Article last updated 22 October 2025.

Everyone has their own autumn traditions. Yours may involve countryside walks or watching the latest popular Netflix show in front of the fire; the UK government has the Budget.  

 

What’s in the news?

In this year’s Autumn Budget, Chancellor Rachel Reeves faces a quandary when it comes to plugging the gaping “black hole” in the nation’s finances.  

There has been talk of overhauling pensions, council tax, property tax and everything in between. But Reeves is staunchly committed to not raising taxes for “working people”, facing pressure to raise revenue without breaking Labour’s tax pledges.

 

(No) changes to income tax thresholds

With no desire to increase income tax rates, the Chancellor could continue to freeze the income tax thresholds, which may well be extended past 2028. These tax bands have been frozen since April 2021, pushing people into higher tax brackets as their salaries have increased through fiscal drag, which is when your income rises but the tax thresholds don’t. On top of a greater tax burden, the cost of living has continued to soar, potentially putting a spanner in the works for anyone in the process of accumulating wealth.

“One way to combat this and claim some of this additional tax back is to increase contributions into a workplace pension or a private pension,” says Faye Church, Head of the Rathbones Guildford Office. “For every £100 contributed into a pension, you receive £20 basic rate tax relief. Higher and additional rate taxpayers get more. Pension contributions through salary sacrifice are also a common and straight forward way of pulling you down into a lower tax bracket.”  

 

Changes to pensions

Pensions. They don’t quite have the same exciting ring to them as the Australian version – superannuation – but they are still one of the most tax-efficient ways to save for retirement.

Currently, the advantage of a pension is that you receive tax relief  on money going into your pot, that money grows tax efficiently while invested, and you can ordinarily take a 25% lump sum from age 55 (age 57 from April 2028), to a maximum value of £268,275, in tax-free cash at some point in the future.  

Speculation is mounting that the amount of tax-free cash available could be capped or removed, meaning some people have withdrawn money from their pensions earlier than they had originally planned.  

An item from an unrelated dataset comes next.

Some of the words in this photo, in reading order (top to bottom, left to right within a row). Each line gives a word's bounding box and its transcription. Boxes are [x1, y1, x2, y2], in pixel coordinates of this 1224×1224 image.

Retirement may be a long way off for you and there are likely to be further changes to legislation by the time you reach pension age. If any of these changes happen, does this still make saving into a pension an attractive option? In a word, yes, because of the tax relief. If you’re a basic rate taxpayer, for every £80 you put into your workplace pension, the government will add £20 to your pension pot. If you’re a higher or additional rate taxpayer, you can claim the additional tax back through self-assessment.

 

Using your allowances

Ensure you’re using of all your available tax-advantaged allowances like ISAs, dividend allowance, and CGT allowance to name a few. There are many ways to grow your wealth and save for the future, on top of your pension, so make sure you explore all other options.  

 

Changes to property taxes  

Media reports are full of speculation on property tax reform, as council tax bands are based on 1991 valuations. Proposals include replacing stamp duty and council tax with a single new house value tax based on the market value of your home. This will impact you if you live in an area with high property prices.  

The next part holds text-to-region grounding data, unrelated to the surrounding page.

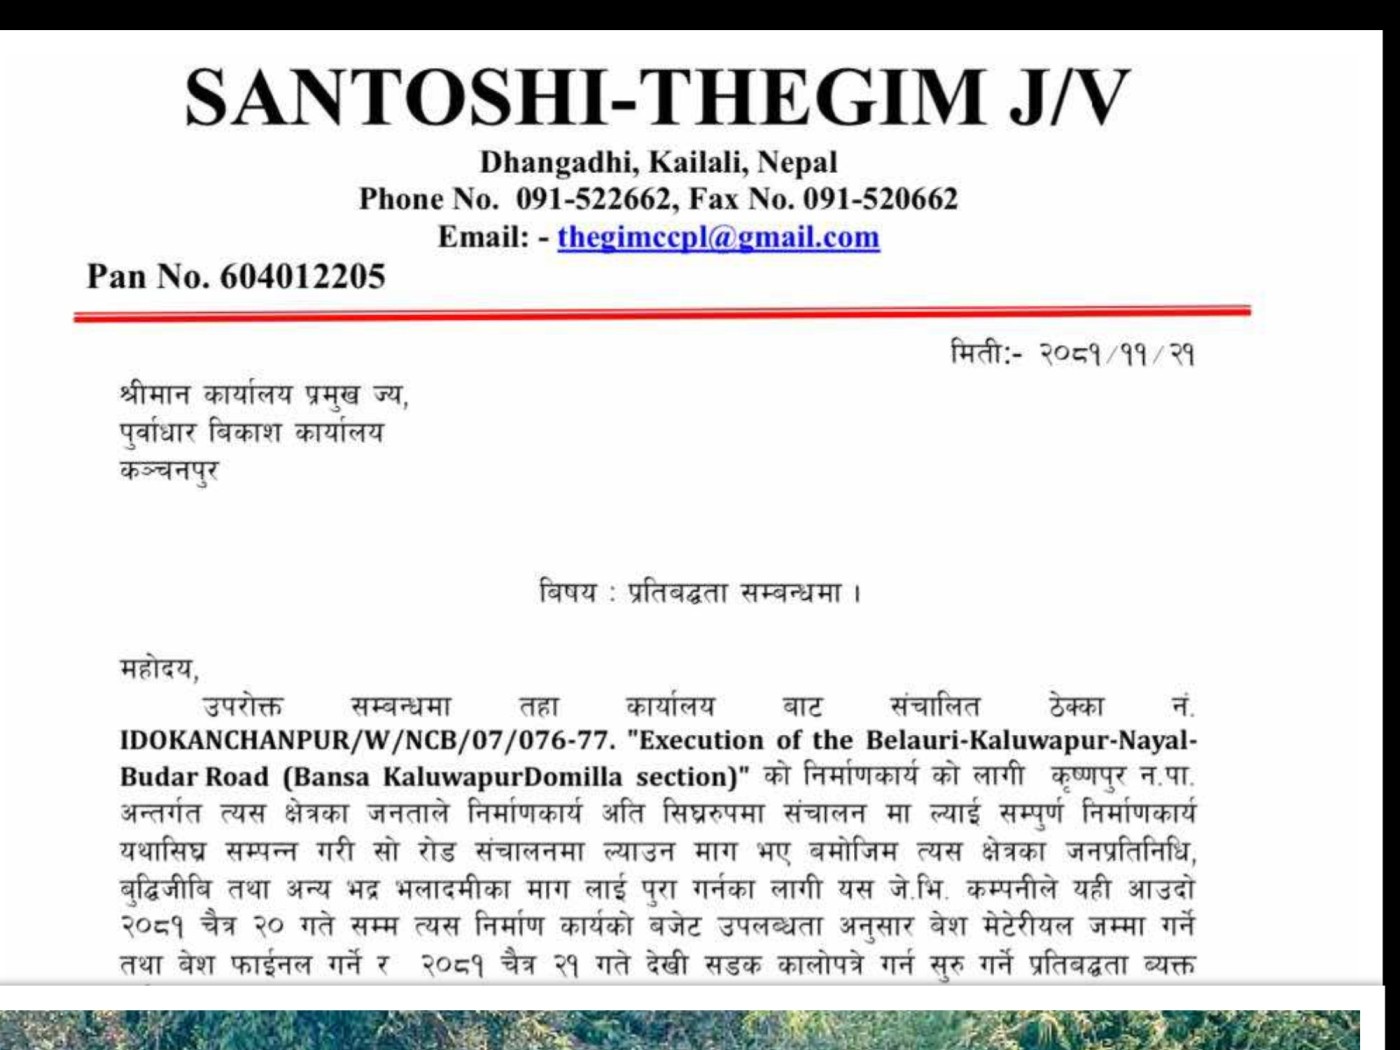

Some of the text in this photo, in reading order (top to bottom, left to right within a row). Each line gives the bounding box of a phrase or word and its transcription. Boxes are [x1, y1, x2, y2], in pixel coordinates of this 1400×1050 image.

[186, 67, 1132, 127] SANTOSHI-THEGIM J/V
[480, 149, 838, 181] Dhangadhi, Kailali, Nepal
[359, 186, 958, 214] Phone No. 091-522662, Fax No. 091-520662
[438, 224, 529, 248] Email:
[556, 224, 882, 255] thegimccpl@gmail.com
[87, 262, 386, 290] Pan No. 604012205
[120, 377, 192, 405] श्रीमान
[203, 377, 294, 405] कार्यालय
[304, 385, 362, 413] प्रमुख
[294, 415, 386, 443] कार्यालय
[739, 583, 843, 603] सम्बन्धमा
[119, 652, 199, 684] महोदय,
[202, 690, 285, 718] उपरोक्त
[350, 697, 453, 717] सम्बन्धमा
[518, 697, 561, 717] तहा
[625, 689, 717, 717] कार्यालय
[782, 697, 825, 718] बाट
[889, 689, 982, 717] संचालित
[1048, 690, 1106, 718] ठेक्का
[120, 728, 1198, 756] IDOKANCHANPUR/W/NCB/07/076-77. "Execution of the Belauri-Kaluwapur-Nayal-
[120, 765, 199, 787] Budar
[205, 765, 269, 787] Road
[283, 765, 370, 793] (Bansa
[383, 765, 623, 793] KaluwapurDomilla
[636, 765, 750, 793] section)"
[762, 759, 792, 785] को
[803, 758, 921, 786] निर्माणकार्य
[931, 759, 961, 786] को
[972, 758, 1026, 786] लागी
[227, 879, 271, 900] तथा
[287, 879, 332, 900] अन्य
[347, 880, 381, 900] भद्र
[395, 872, 512, 900] भलादमीका
[526, 880, 571, 900] माग
[584, 872, 628, 901] लाई
[641, 880, 678, 908] पुरा
[692, 872, 756, 900] गर्नका
[770, 872, 824, 900] लागी
[837, 880, 875, 900] यस
[966, 872, 1059, 900] कम्पनीले
[1073, 872, 1113, 900] यही
[1128, 873, 1197, 901] आउदो
[121, 915, 183, 939] २०८१
[200, 907, 238, 936] चैत्र
[253, 915, 284, 938] २०
[299, 909, 336, 936] गते
[350, 916, 400, 936] सम्म
[413, 916, 462, 936] त्यस
[474, 909, 546, 937] निर्माण
[559, 908, 635, 937] कार्यको
[648, 910, 703, 938] बजेट
[717, 916, 824, 938] उपलब्धता
[840, 916, 916, 945] अनुसार
[982, 909, 1075, 938] मेटेरीयल
[1088, 916, 1147, 936] जम्मा
[1160, 908, 1196, 936] गर्ने
[119, 955, 164, 975] तथा
[230, 947, 314, 977] फाईनल
[327, 948, 363, 975] गर्ने
[376, 955, 390, 971] र
[421, 954, 483, 979] २०८१
[500, 946, 537, 975] चैत्र
[554, 954, 578, 979] २१
[595, 949, 632, 975] गते
[646, 948, 690, 975] देखी
[704, 955, 763, 977] सडक
[777, 948, 865, 975] कालोपत्रे
[879, 947, 916, 975] गर्न
[929, 955, 965, 982] सुरु
[978, 947, 1015, 975] गर्ने
[1143, 955, 1198, 975] व्यक्त

If you are an accidental (or ‘on purpose’) landlord, you’ll be interested in talk of extending national insurance contributions to rental income. Currently, landlords pay income tax on rental income, but not national insurance on that income. If Reeves decided to mirror the NIC structure for employee earnings, this would entail 8% in national insurance contributions on rental income up to £50,270 and 2% national insurance contributions on rental income above £50,270.  

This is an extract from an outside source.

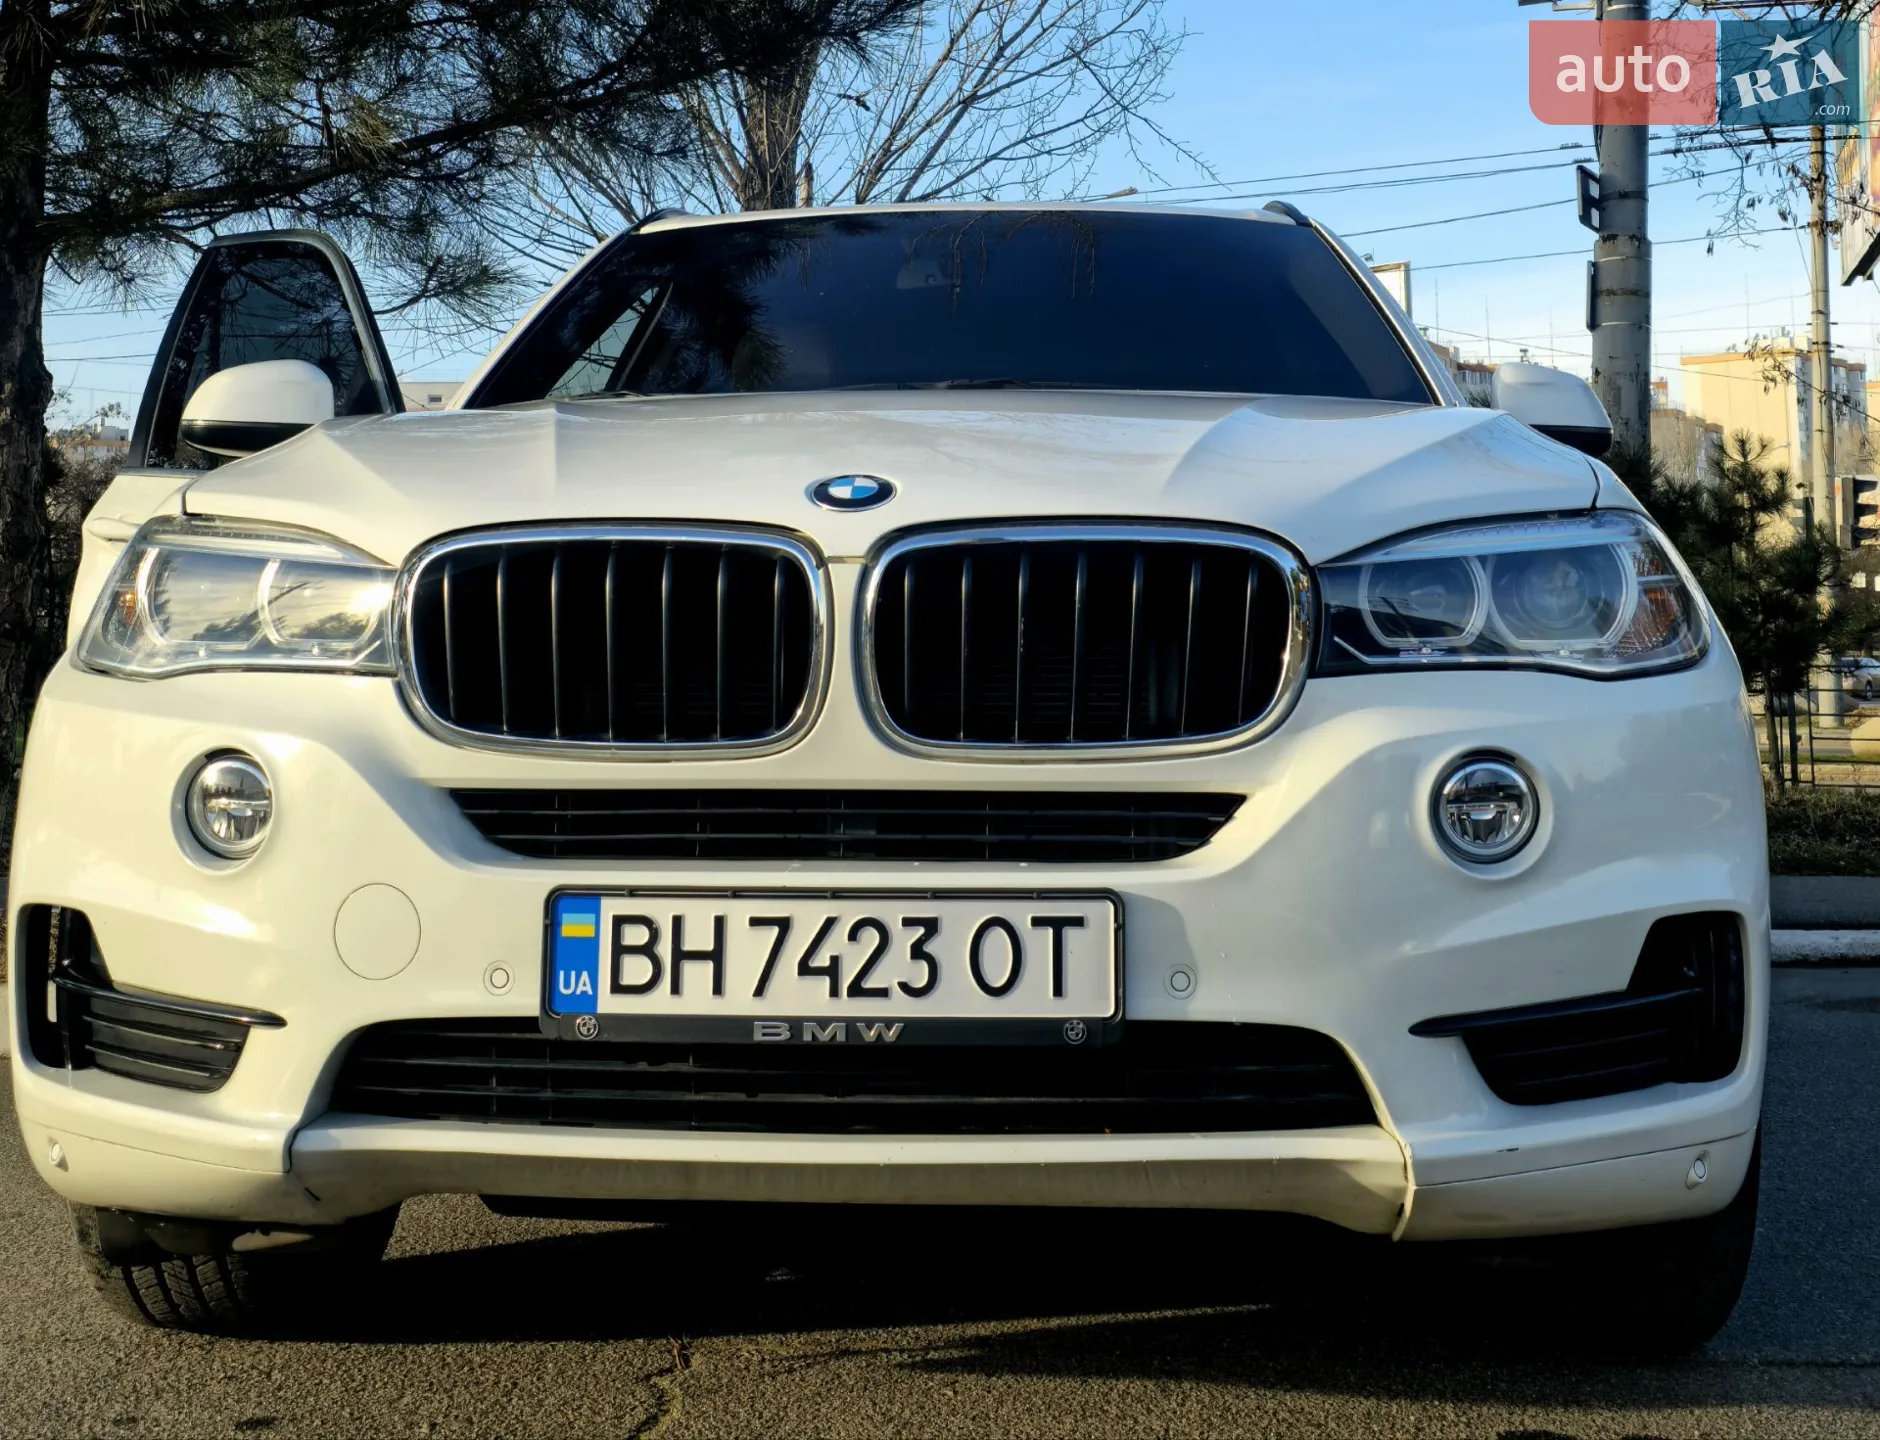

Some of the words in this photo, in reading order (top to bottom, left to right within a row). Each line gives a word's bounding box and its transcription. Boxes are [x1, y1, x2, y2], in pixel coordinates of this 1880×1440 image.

One more change that has garnered column inches is the possible removal of capital gains tax (CGT) exemption on primary residences valued over £1.5mn. If you fall into this category, you’ll see an 18% CGT bill if you’re a basic rate taxpayer, and 24% if you’re a higher rate taxpayer.  

 

What should you do?

We would caution against making knee-jerk decisions based on speculation, as you may negatively impact your future. If you have any questions or concerns ahead of the Budget, please get in touch with your Rathbones contact or get in touch with us via the button below. We’re always happy to help.  

This information is based on our current understanding of HMRC tax regulations in the UK. Tax treatment depends on your individual circumstances and may be subject to change in future.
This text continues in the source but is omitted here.